A CCJ avaliou como relevante o projeto, mas considerou que a redação original ultrapassou os limites da iniciativa parlamentar ao instituir programa a ser executado, coordenado e financiado pelo Executivo, com atribuições administrativas e potencial geração de despesas. A comissão optou por uma redação que restringiu o PL à fixação de objetivos e diretrizes, incluindo-os como novo objetivo da Política Estadual dos Direitos da Pessoa com Deficiência.

De acordo com o parecer de Coronel Henrique, o xadrez é prática de rigor técnico, que mobiliza competências cognitivas complexas, como planejamento, memória, atenção e tomada de decisão sob pressão. Por isso, é reconhecido pela Federação Internacional de Xadrez (FIDE) e pelo Comitê Olímpico Internacional (COI) como modalidade esportiva de natureza intelectual.
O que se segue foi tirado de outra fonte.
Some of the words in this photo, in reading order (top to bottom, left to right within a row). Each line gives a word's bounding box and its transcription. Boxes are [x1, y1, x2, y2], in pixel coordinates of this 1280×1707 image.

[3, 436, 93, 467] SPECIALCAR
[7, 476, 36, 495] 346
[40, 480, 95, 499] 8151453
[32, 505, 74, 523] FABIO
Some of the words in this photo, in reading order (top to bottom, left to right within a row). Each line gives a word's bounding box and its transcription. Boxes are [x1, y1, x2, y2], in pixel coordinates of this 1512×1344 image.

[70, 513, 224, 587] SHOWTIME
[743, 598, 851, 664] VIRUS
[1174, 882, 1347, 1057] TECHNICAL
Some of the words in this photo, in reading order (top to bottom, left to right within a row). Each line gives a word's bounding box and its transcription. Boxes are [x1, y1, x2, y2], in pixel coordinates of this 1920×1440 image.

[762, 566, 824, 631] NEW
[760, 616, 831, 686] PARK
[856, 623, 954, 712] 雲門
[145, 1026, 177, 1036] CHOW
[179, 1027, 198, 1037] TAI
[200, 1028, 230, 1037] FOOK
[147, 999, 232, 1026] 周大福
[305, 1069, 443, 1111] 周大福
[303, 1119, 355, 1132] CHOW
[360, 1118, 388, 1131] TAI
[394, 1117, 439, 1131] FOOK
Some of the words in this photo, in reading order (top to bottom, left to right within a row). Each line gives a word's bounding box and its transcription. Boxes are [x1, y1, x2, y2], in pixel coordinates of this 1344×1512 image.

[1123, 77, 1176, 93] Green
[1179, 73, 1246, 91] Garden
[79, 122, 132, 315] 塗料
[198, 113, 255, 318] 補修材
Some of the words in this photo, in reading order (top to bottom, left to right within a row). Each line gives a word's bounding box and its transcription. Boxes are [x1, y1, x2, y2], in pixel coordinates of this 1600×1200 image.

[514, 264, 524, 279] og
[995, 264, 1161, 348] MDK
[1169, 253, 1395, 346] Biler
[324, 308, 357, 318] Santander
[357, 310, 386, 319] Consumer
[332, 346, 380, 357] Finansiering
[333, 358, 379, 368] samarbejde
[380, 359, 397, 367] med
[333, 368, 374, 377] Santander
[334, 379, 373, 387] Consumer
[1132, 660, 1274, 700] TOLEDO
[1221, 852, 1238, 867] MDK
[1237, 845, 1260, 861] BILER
Adaptações para cegos e surdos

A regulamentação internacional do xadrez realizada pela FIDE e as normas complementares da Associação Internacional de Xadrez em Braille preveem adaptações que asseguram o exercício do xadrez por pessoas com deficiência visual e auditiva. Para as primeiras, as regras autorizam tabuleiros táteis, peças diferenciadas ao toque, anotações em Braille ou por meio de gravação de áudio e comunicação verbal dos lances. Para aqueles com deficiência auditiva, as recomendações de acessibilidade preveem o uso da língua de sinais para a comunicação durante as partidas.

Por fim, o relator concordou com o cerne das alterações do substitutivo nº 1, mas entendeu que a essência do projeto original pode ser mais adequadamente incorporada ao texto por meio do substitutivo nº 2.

Dessa forma, o PL acrescenta ao artigo 2º da Lei 13.799 o parágrafo 6º. O novo dispositivo prevê que “a promoção da inclusão social da pessoa com deficiência abrangerá o incentivo à prática do xadrez por pessoas com deficiência visual ou auditiva”. Acrescenta que a prática deve ocorrer mediante: a adoção de regras e materiais adaptados, o estímulo à participação em competições, a capacitação de instrutores e a inclusão do xadrez adaptado em programas educacionais e esportivos.

O PL vai agora para as Comissões de Defesa dos Direitos da Pessoa com Deficiência e de Fiscalização Financeira e Orçamentária e depois segue para Plenário.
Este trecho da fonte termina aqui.